Posted to user@spark.apache.org by Dave Ariens <da...@blackberry.com> on 2015/10/21 20:50:39 UTC

Kafka Streaming and Filtering > 3000 partitons

Hey folks,

I have a very large number of Kafka topics (many thousands of partitions) that I want to consume, filter based on topic-specific filters, then produce back to filtered topics in Kafka.

Using the receiver-less based approach with Spark 1.4.1 (described here<https://github.com/koeninger/kafka-exactly-once/blob/master/blogpost.md>) I am able to use either KafkaUtils.createDirectStream or KafkaUtils.createRDD, consume from many topics, and filter them with the same filters but I can't seem to wrap my head around how to apply topic-specific filters, or to finally produce to topic-specific destination topics.

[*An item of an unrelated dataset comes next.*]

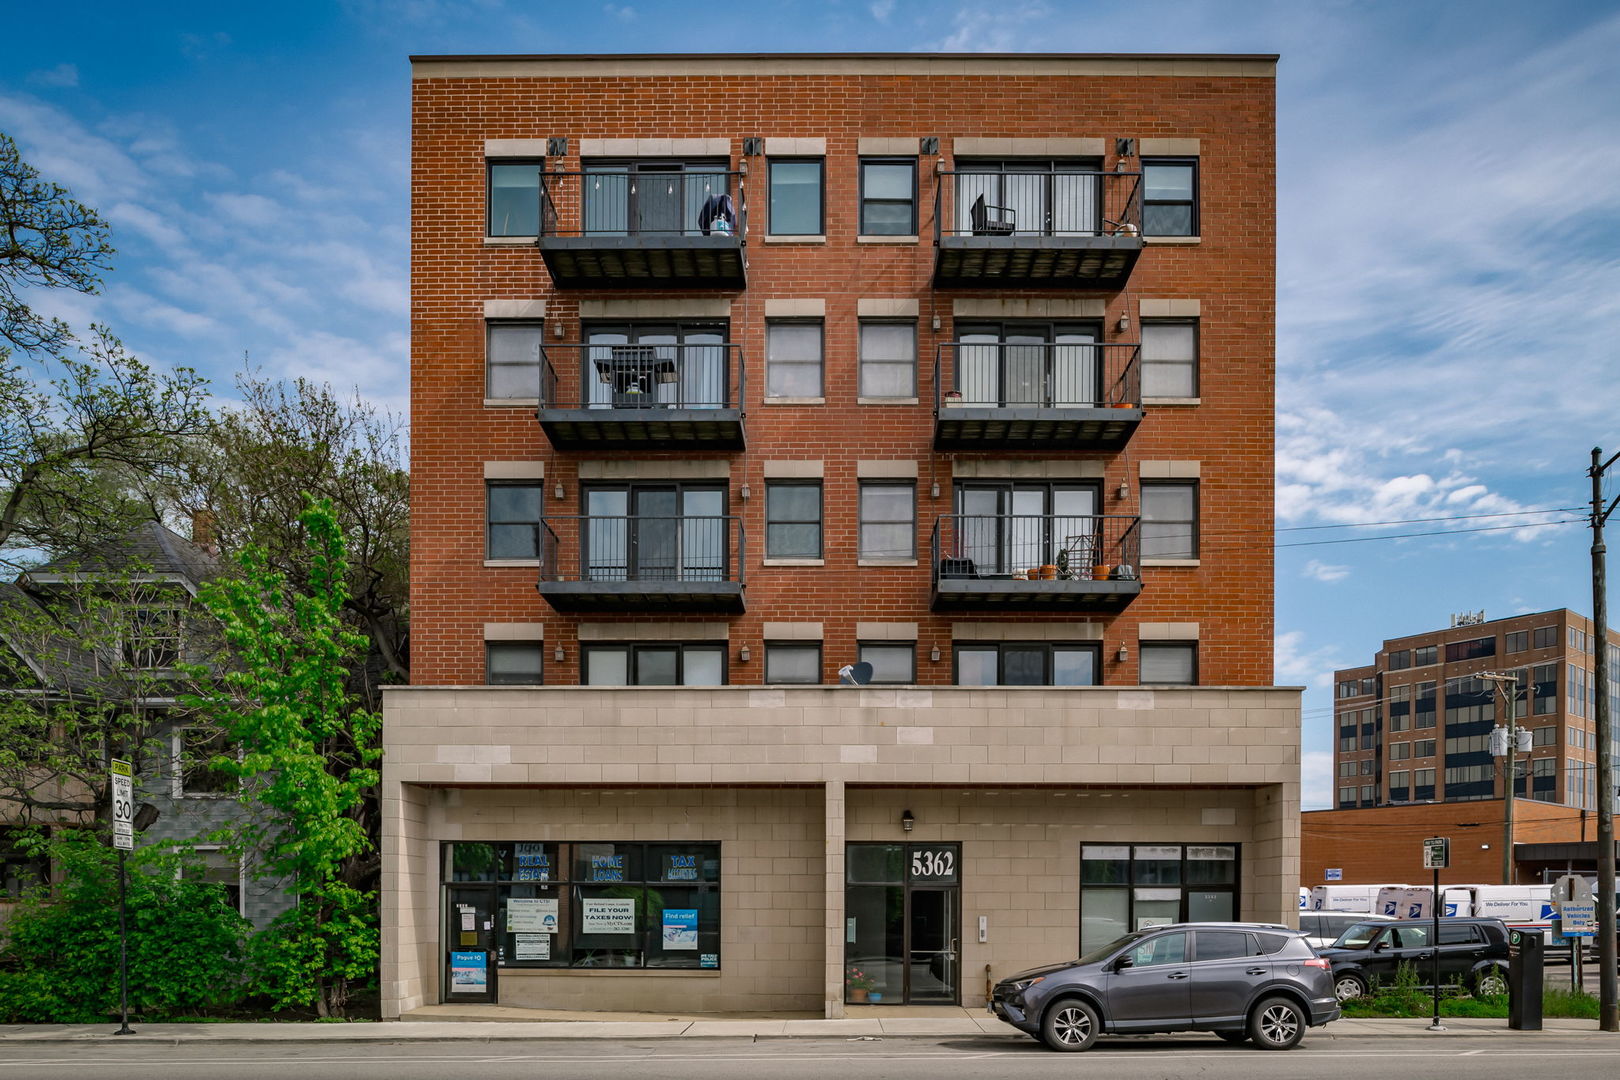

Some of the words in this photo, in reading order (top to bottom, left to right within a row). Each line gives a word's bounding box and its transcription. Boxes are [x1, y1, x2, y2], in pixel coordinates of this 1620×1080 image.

Another point would be that I will need to checkpoint the metadata after each successful batch and set starting offsets per partition back to ZK.  I expect I can do that on the final RDDs after casting them accordingly, but if anyone has any expertise/guidance doing that and is willing to share, I'd be pretty grateful.

Re: Kafka Streaming and Filtering > 3000 partitons

Posted by varun sharma <va...@gmail.com>.

You can try something like this to filter by topic:

val kafkaStringStream = KafkaUtils.createDirectStream[.......]

//you might want to create Stream by fetching offsets from zk

kafkaStringStream.foreachRDD{rdd =>
  val topics = rdd.map(_._1).distinct().collect()
  if (topics.length > 0) {
    val rdd_value = rdd.take(10).mkString("\n.....\n")
    Logger.log(this.getClass, INFO, BaseSLog(s"Printing all feeds\n$rdd_value"))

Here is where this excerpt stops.